Wherever an image appears in the data, omit it and copy all the remaining text word for word.

────────────────────

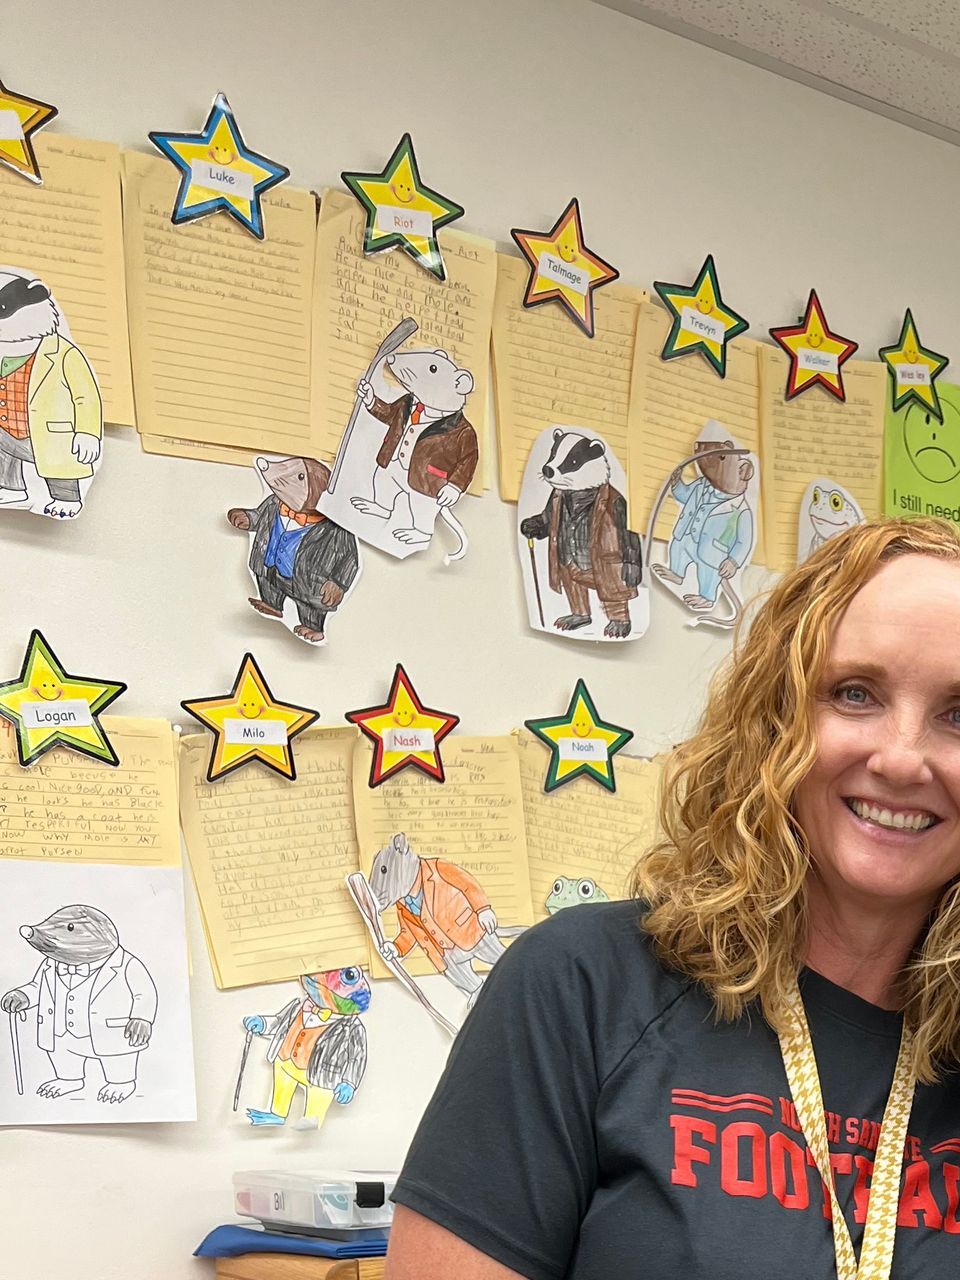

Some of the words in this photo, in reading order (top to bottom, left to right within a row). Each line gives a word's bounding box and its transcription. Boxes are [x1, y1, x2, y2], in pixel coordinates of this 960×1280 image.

[208, 167, 236, 186] Luke
[393, 216, 414, 229] Riot
[547, 258, 582, 284] Talmage
[690, 316, 717, 336] Trevyn
[893, 489, 897, 505] I
[900, 491, 922, 514] still
[35, 709, 77, 725] Logan
[242, 727, 265, 739] Milo
[393, 735, 421, 746] Nash
[571, 742, 595, 752] Noah
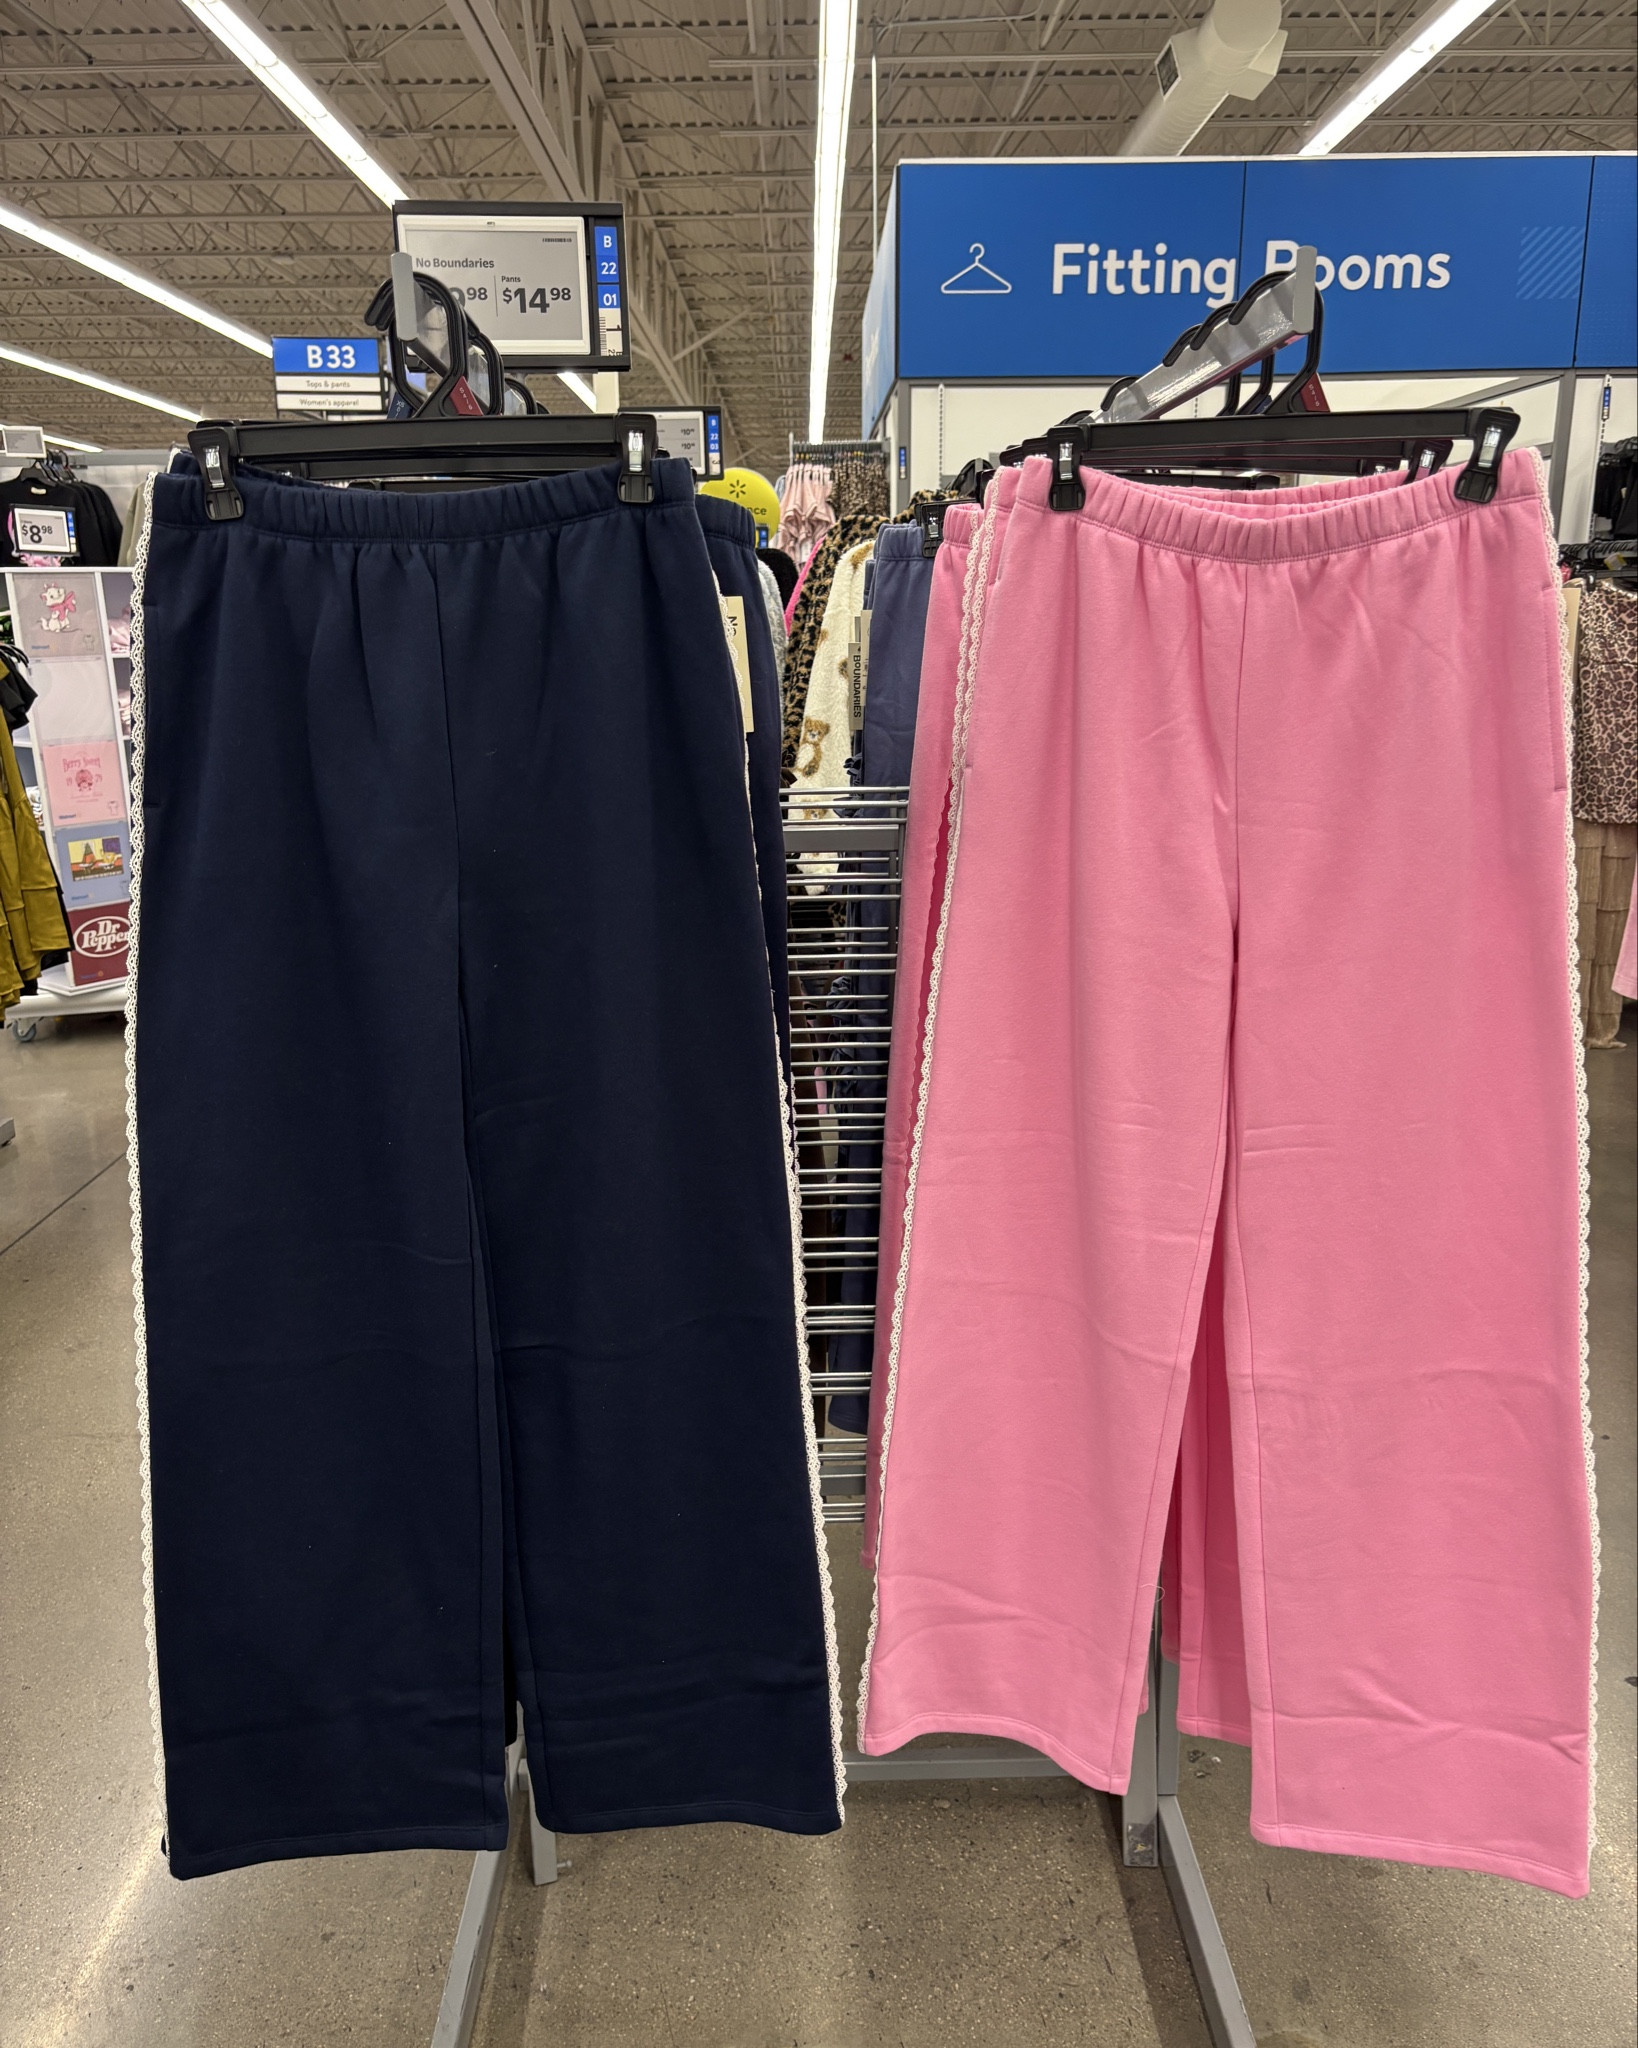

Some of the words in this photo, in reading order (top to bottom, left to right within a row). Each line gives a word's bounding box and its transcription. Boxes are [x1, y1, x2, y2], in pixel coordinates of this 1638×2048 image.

────────────────────

• **Task output**
Some of the words in this photo, in reading order (top to bottom, left to right within a row). Each line gives a word's bounding box and its transcription. Boxes are [x1, y1, x2, y2], in pixel coordinates of this 960×1280 image.

[208, 167, 236, 186] Luke
[393, 216, 414, 229] Riot
[547, 258, 582, 284] Talmage
[690, 316, 717, 336] Trevyn
[893, 489, 897, 505] I
[900, 491, 922, 514] still
[35, 709, 77, 725] Logan
[242, 727, 265, 739] Milo
[393, 735, 421, 746] Nash
[571, 742, 595, 752] Noah

Some of the words in this photo, in reading order (top to bottom, left to right within a row). Each line gives a word's bounding box and its transcription. Boxes are [x1, y1, x2, y2], in pixel coordinates of this 1638×2048 image.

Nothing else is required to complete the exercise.